Learnlets
Clark Quinn's Learnings about Learning
(The Official Quinnovation blog)

30 April 2009

Learning and Work

Clark @ 1:30 pm

In trying to get attention for work, a colleague is concerned with the ‘learning’ label being a potential detriment.  It’s probably true, and that’s a sad state of affairs.  While I joke that we who work in the learning/training/performance/etc field are those who’ve retained their love of learning despite schooling, I do believe that there’s some baggage associated with the term.

If you put on a ‘serious business’ perspective, learning can seem like warm and fuzzy coddling.  “What we really need is to hire the talent we need and let them know what to do and have them do it, right? They’ll do it, and like it, or they’re out!”  Which, of course, is ridiculous, but who doesn’t believe that view is out there?

What’s really the case is that each organization will have it’s own way of doing things, and that individuals will need to be brought up to speed, then provided resources to support performing, and expected to contribute. And, as I am coming to believe, as things get more complex, we’ll need more from people in terms of adaptation.

Or, as Kevin Wheeler put it:

Today success is in the hands of creative people who have energy and excitement over reaching a business objective. These people are hard to find and hard to keep as their energy and entrepreneurial spirit are not always suited to a controlled environment.  They need space, time, and freedom to experiment. They thrive in a networked world where they can exchange ideas, swap experiments, and engage in conversation.

That, to me, is learning.  To look at it another way, I lump innovation, problem-solving, creativity, design, and more all as activities of learning.  Herb Simon said “to design is human”, and I believe that design is about learning.  But maybe it’s about thinking?  Doing?

So, to me, it’s a shame that a ‘learning’ label would be a barrier to being perceived as relevant to business, but that seems to be the case.  My question is, do we rebrand, or do we reengineer learning’s status in the organization.  I don’t have an answer, do you?

3 Comments »

  1. [...] Quinn added some great thoughts today about “learning as a label.”  He raises some interesting questions about the [...]

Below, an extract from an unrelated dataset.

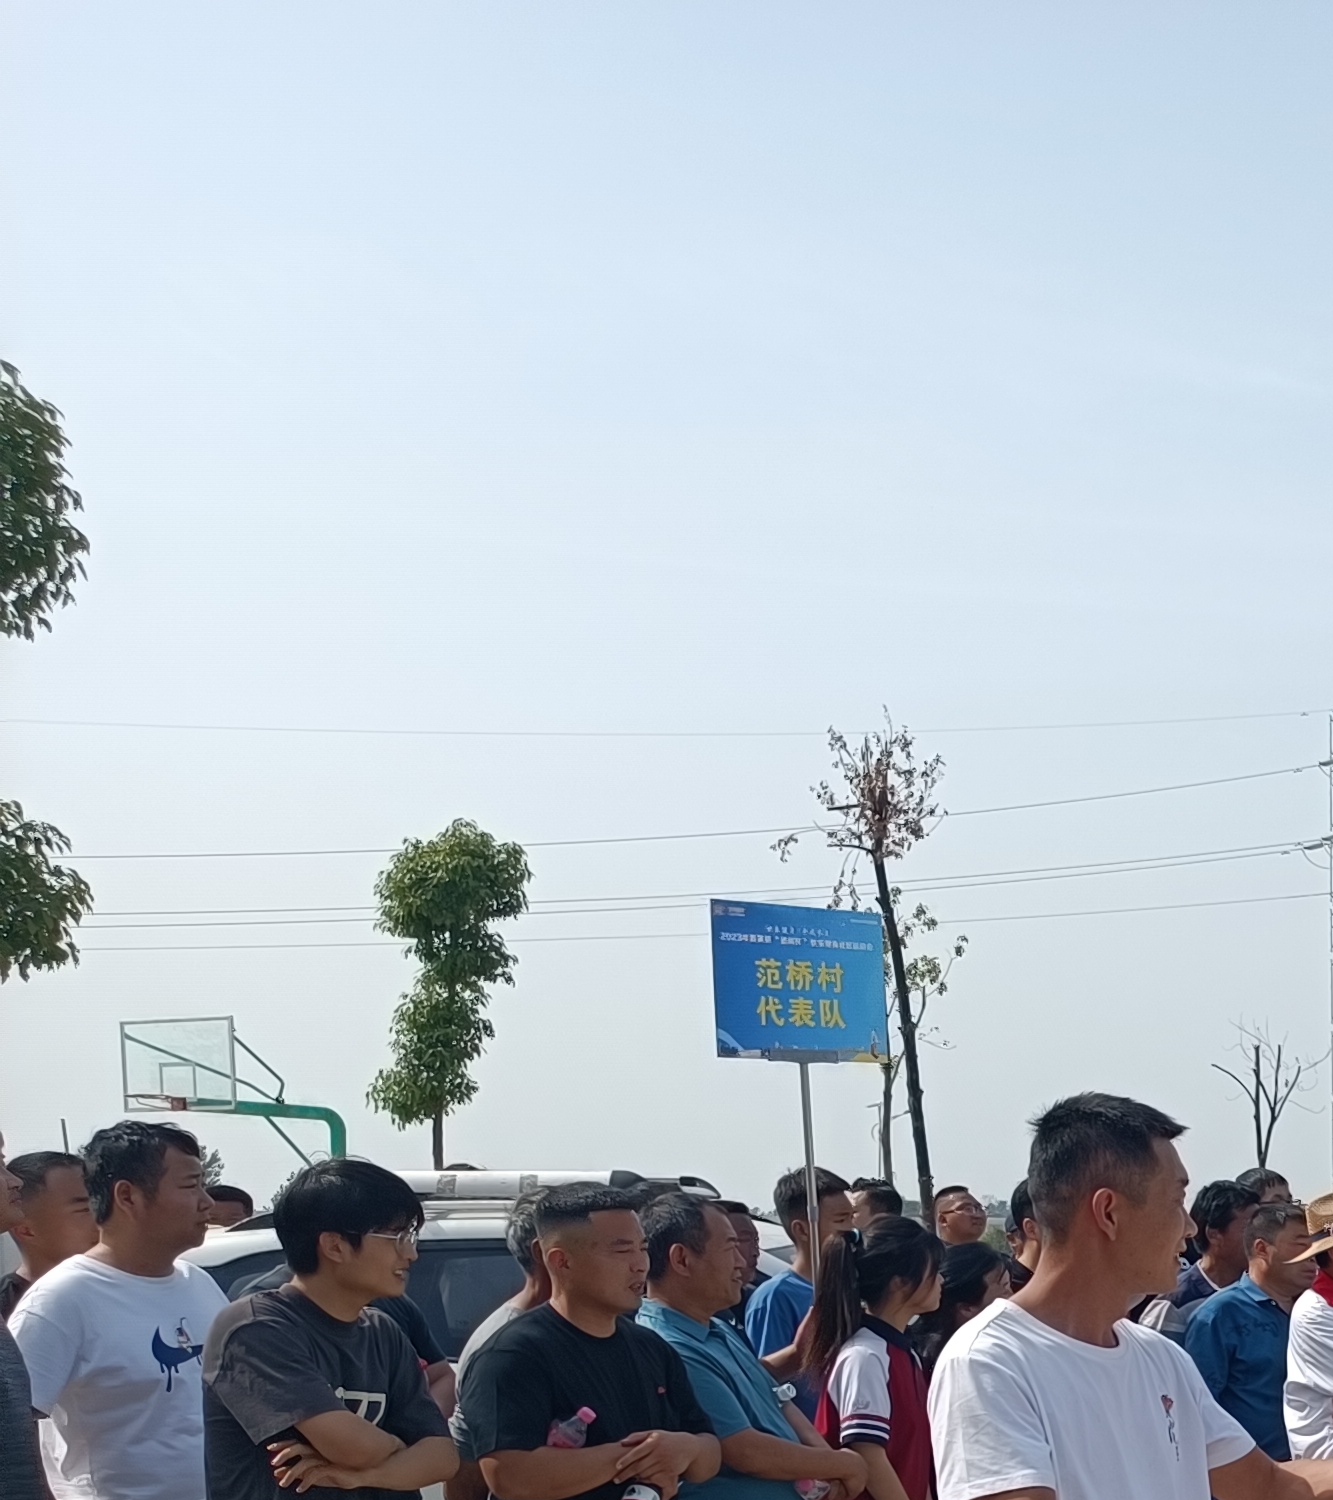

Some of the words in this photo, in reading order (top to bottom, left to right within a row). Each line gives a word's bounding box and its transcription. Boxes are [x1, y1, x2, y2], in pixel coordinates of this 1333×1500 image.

[754, 957, 844, 993] 范桥村
[756, 995, 847, 1029] 代表队

    Pingback by Working / Learning April Blog Carnival « Social Enterprise Blog — 30 April 2009 @ 2:02 pm

  2. My opinion of “learning” being a label is that I believe learning is a process for all ages no matter where it takes place. Now, businesses may have given learning a negative view by their assumptions of what that process is.

    Does “learning” need to be rebranded? Maybe. Even if you rebrand I believe that the business (some but not all training departments within businesses) mentality will be to “give/train” employees what they need to do the job instead of using some of the exploring techniques facilitators use for allowing employees to be involved in the “learning” process. There is so much change today with the equipment and software that companies can use for educating their employees that I believe some of them just don’t care much about what the next “new gadget.” Yet, there are many businesses who are fully engaged in what is coming next.

    I do believe that learning does need to be reengineered. Many businesses are not using the tools available to them in order to engage employees in the learning process. Maybe their thought is that employees need to be given information in order to learn and that they cannot learn unless a “professional trainer” helps them. Granted, there is some information that does need to be given to employees – but not all of it. Their view may be that “this is how it has always been done.” Change is difficult for everyone. Another thought behind this is that they may not believe they have the proper equipment to do the job. I think if they look hard enough, they can find platforms they can use.
    Then there are the companies who use nothing but online learning instead of a blended learning mix. If there is no practical exploration and follow-up for what employees do learn, then are they really understanding and applying what they learn? Or are they just turning pages.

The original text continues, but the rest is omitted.